Inspired by Aral Balkan’s Breaking Things, I’m embarking on a summer of breaking – and building – things. I'll be addressing philosophical and pragmatic questions, using this site to draw together the why and the how. In the process, I hope to establish a solid workflow that I can apply to my work, one that applies equal weighting to my thinking and how I give that thought form. I’m kicking off with a solid base of semantic markup to get the ball rolling, ‘design’ will follow.
On 7 July, 2012 – a year ago, today – I followed along with interest as my friend Aral Balkan embarked on a process of ‘Breaking Things’. A short-lived, but interesting experiment, it was as he called it, “a personal reboot narrative,” intended to confront that most crippling of barriers to progress: Fear. As Aral put it:
Fear is probably the greatest demotivator that exists. Nothing stops you from doing things like fear. And by fear, I mean fear of loss. All fear is fear of loss.

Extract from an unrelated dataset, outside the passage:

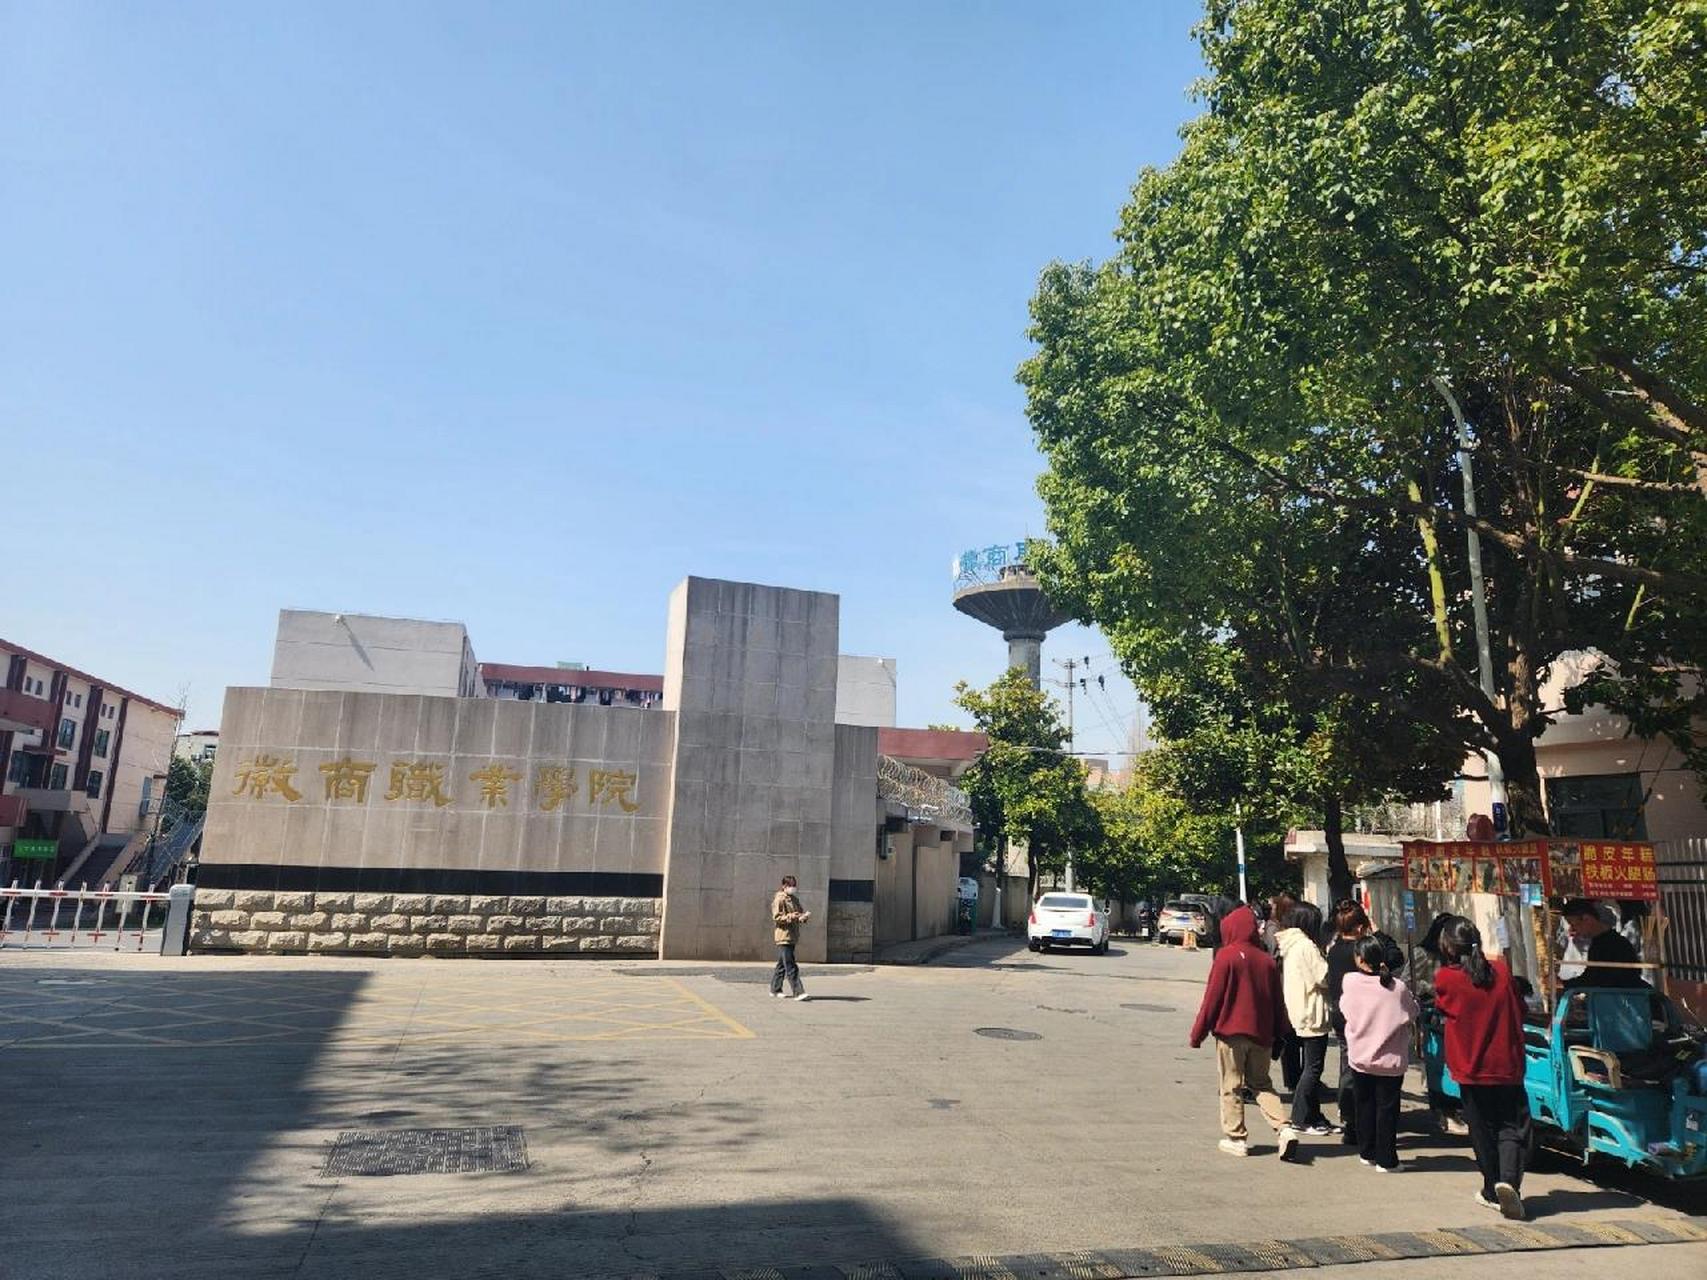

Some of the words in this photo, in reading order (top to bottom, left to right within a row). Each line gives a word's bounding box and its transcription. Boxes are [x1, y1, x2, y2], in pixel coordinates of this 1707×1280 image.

[1585, 864, 1656, 880] 铁板火腿肠

Is it any wonder that those who have the least to lose are often the ones who take the biggest risks and end up achieving the most? The more you have to lose, the harder it gets. Or, more accurately, the more you think you have to lose, the harder it gets. The more attached you are to the things you have, the harder you will find it to take risks.
Reading this resonated with me deeply. I’ve often felt crippled by fear. Fear of being ‘found out’, that the curtain will be pulled back to reveal – in my mind – a charlatan who has somehow managed to maintain an illusion despite all evidence to the contrary. Fear of being judged, that the work I release into the world will be weighed heavily and found to be wanting. Fear of so many things….

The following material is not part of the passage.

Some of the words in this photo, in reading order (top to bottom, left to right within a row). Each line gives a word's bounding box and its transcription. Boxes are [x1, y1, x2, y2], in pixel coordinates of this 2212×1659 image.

I was fascinated by Aral’s decision to break things, especially his commitment to maintain a chronicle of that process, and – inspired by him – I’ve decided to follow a similar path. With his permission, I’m embarking on a summer of breaking things, a reboot, though I prefer a different term for this, something I call a ‘file system check’.
Being of an inquisitive and technically curious nature (and having once managed a server entirely from a terminal) the term fsck appealed to me. Short for ‘file system check’, fsck is used to diagnose and repair file system inconsistencies (I like to think of the file system, in this case, as my brain). fsck is also a minced oath, which - if you've met me, or been taught by me – you'll know is entirely appropriate. The term is helpfully defined at Wikipedia as follows:
Generally, fsck is run automatically at boot time (when the operating system detects that a file system is in an inconsistent state, indicating a non-graceful shutdown such as a crash or power loss), or periodically (to prevent small, undetected inconsistencies from becoming exacerbated).

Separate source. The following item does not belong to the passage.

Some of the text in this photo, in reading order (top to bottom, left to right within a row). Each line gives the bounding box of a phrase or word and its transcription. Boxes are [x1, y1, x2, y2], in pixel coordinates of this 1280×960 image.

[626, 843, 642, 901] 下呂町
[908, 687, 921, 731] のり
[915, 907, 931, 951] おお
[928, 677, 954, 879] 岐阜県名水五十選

I’ll be breaking things and building things at fsck.monographic.org for the foreseeable future, undertaking an ongoing file system check. I intend to use this to work through my thinking as I work my way back from a non-graceful shutdown I recently experienced.
In late I experienced a non-graceful shutdown. A crash. It’s a long story, but – in short – I had a nervous breakdown. I was admitted to hospital and had to be taken there, unconscious, in an ambulance. I ended up off the grid for a couple of days – 24 hours of which I have no recollection of at all – and then returned home on very strong medication. It was a sobering experience, and one I’ll write about in more detail shortly. It forced me to look at my life a little more closely.
It forced me to ask questions.
I believe, as an industry, we focus all too often on the headlong excitement of endlessly moving forward. That’s fine, but there’s a flip side. Relentless progress brings with it relentless pressure. It can be difficult to keep up, and the pressure to stay on top of everything can at times prove debilitating.
I'm trying to unshackle myself from the crippling fear I've always hidden deep inside. The fear of not being able to keep up. The fear of being left behind. A part of this process is to work a little more openly and share my journey. I hope it helps us to be a little more open about the pressures we all face in our industry. I hope it proves useful for others.